Saved entries:
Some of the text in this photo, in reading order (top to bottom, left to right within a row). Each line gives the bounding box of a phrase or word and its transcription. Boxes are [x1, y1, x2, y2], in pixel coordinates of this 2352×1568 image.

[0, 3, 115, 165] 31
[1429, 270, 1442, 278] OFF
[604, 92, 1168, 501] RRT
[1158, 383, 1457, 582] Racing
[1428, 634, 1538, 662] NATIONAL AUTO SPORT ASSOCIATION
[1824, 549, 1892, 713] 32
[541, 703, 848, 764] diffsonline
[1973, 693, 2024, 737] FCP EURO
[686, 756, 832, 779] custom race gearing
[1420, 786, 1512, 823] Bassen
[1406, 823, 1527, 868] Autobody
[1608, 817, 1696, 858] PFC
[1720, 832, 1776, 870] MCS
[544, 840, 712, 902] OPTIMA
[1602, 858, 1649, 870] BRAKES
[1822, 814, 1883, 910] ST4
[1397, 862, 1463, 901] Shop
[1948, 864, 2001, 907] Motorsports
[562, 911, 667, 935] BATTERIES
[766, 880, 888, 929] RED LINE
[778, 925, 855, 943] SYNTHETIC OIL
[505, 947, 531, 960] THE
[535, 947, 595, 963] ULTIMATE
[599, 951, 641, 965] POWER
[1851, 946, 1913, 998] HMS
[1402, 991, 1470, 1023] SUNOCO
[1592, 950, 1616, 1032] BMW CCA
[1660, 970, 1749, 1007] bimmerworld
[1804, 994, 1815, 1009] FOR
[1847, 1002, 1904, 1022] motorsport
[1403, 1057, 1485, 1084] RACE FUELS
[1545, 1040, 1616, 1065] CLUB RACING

Task brief: Your response must repeat the entries above exactly, in full.

Completed exercise:
Some of the text in this photo, in reading order (top to bottom, left to right within a row). Each line gives the bounding box of a phrase or word and its transcription. Boxes are [x1, y1, x2, y2], in pixel coordinates of this 2352×1568 image.

[0, 3, 115, 165] 31
[1429, 270, 1442, 278] OFF
[604, 92, 1168, 501] RRT
[1158, 383, 1457, 582] Racing
[1428, 634, 1538, 662] NATIONAL AUTO SPORT ASSOCIATION
[1824, 549, 1892, 713] 32
[541, 703, 848, 764] diffsonline
[1973, 693, 2024, 737] FCP EURO
[686, 756, 832, 779] custom race gearing
[1420, 786, 1512, 823] Bassen
[1406, 823, 1527, 868] Autobody
[1608, 817, 1696, 858] PFC
[1720, 832, 1776, 870] MCS
[544, 840, 712, 902] OPTIMA
[1602, 858, 1649, 870] BRAKES
[1822, 814, 1883, 910] ST4
[1397, 862, 1463, 901] Shop
[1948, 864, 2001, 907] Motorsports
[562, 911, 667, 935] BATTERIES
[766, 880, 888, 929] RED LINE
[778, 925, 855, 943] SYNTHETIC OIL
[505, 947, 531, 960] THE
[535, 947, 595, 963] ULTIMATE
[599, 951, 641, 965] POWER
[1851, 946, 1913, 998] HMS
[1402, 991, 1470, 1023] SUNOCO
[1592, 950, 1616, 1032] BMW CCA
[1660, 970, 1749, 1007] bimmerworld
[1804, 994, 1815, 1009] FOR
[1847, 1002, 1904, 1022] motorsport
[1403, 1057, 1485, 1084] RACE FUELS
[1545, 1040, 1616, 1065] CLUB RACING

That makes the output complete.